=== INPUT ===

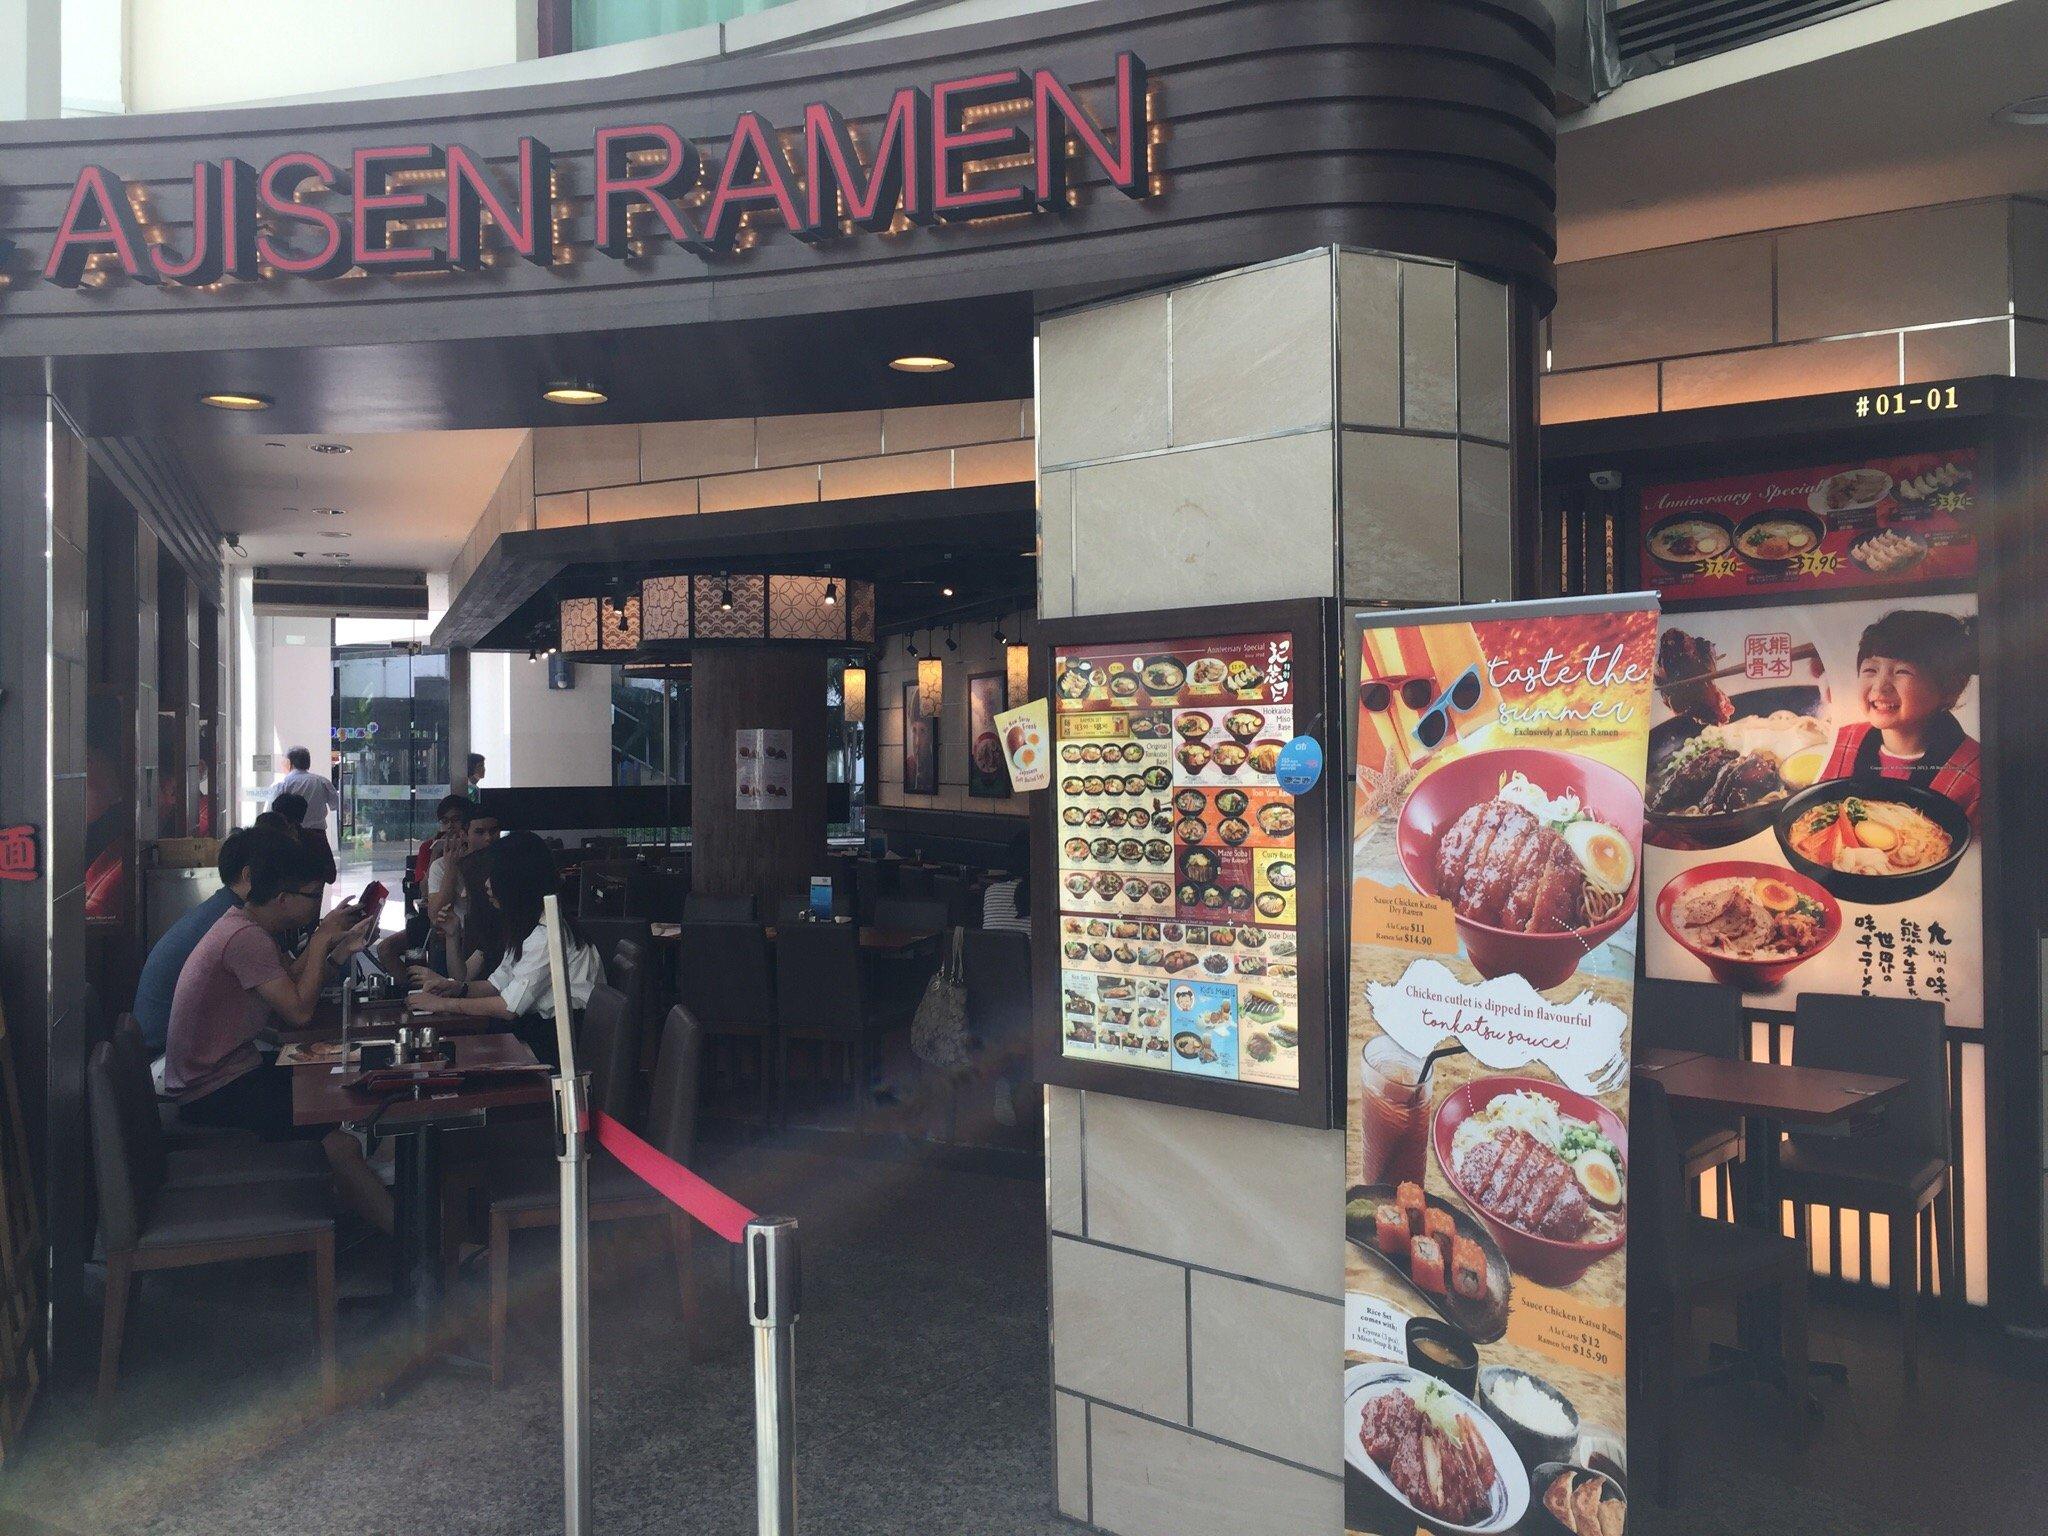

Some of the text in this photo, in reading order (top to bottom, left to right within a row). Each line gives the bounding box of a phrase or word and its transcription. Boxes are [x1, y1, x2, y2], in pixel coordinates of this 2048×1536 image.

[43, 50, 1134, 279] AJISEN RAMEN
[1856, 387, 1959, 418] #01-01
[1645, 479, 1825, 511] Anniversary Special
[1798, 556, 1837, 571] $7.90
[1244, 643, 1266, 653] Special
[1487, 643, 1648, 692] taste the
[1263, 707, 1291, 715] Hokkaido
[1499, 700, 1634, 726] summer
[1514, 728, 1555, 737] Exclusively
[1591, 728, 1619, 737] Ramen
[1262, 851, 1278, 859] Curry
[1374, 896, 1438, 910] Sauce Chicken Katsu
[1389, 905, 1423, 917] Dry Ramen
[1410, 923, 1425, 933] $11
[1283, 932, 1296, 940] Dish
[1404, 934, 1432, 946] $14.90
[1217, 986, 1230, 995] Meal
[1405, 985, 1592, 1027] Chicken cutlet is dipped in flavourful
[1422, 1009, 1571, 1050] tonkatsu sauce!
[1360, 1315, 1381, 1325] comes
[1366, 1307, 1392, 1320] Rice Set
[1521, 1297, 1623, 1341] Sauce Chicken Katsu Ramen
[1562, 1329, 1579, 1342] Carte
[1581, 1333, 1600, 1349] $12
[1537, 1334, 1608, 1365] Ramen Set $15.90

===

Write every record out again exactly, omitting the pictures they hold.

RESPONSE TO THE TASK -
Some of the text in this photo, in reading order (top to bottom, left to right within a row). Each line gives the bounding box of a phrase or word and its transcription. Boxes are [x1, y1, x2, y2], in pixel coordinates of this 2048×1536 image.

[43, 50, 1134, 279] AJISEN RAMEN
[1856, 387, 1959, 418] #01-01
[1645, 479, 1825, 511] Anniversary Special
[1798, 556, 1837, 571] $7.90
[1244, 643, 1266, 653] Special
[1487, 643, 1648, 692] taste the
[1263, 707, 1291, 715] Hokkaido
[1499, 700, 1634, 726] summer
[1514, 728, 1555, 737] Exclusively
[1591, 728, 1619, 737] Ramen
[1262, 851, 1278, 859] Curry
[1374, 896, 1438, 910] Sauce Chicken Katsu
[1389, 905, 1423, 917] Dry Ramen
[1410, 923, 1425, 933] $11
[1283, 932, 1296, 940] Dish
[1404, 934, 1432, 946] $14.90
[1217, 986, 1230, 995] Meal
[1405, 985, 1592, 1027] Chicken cutlet is dipped in flavourful
[1422, 1009, 1571, 1050] tonkatsu sauce!
[1360, 1315, 1381, 1325] comes
[1366, 1307, 1392, 1320] Rice Set
[1521, 1297, 1623, 1341] Sauce Chicken Katsu Ramen
[1562, 1329, 1579, 1342] Carte
[1581, 1333, 1600, 1349] $12
[1537, 1334, 1608, 1365] Ramen Set $15.90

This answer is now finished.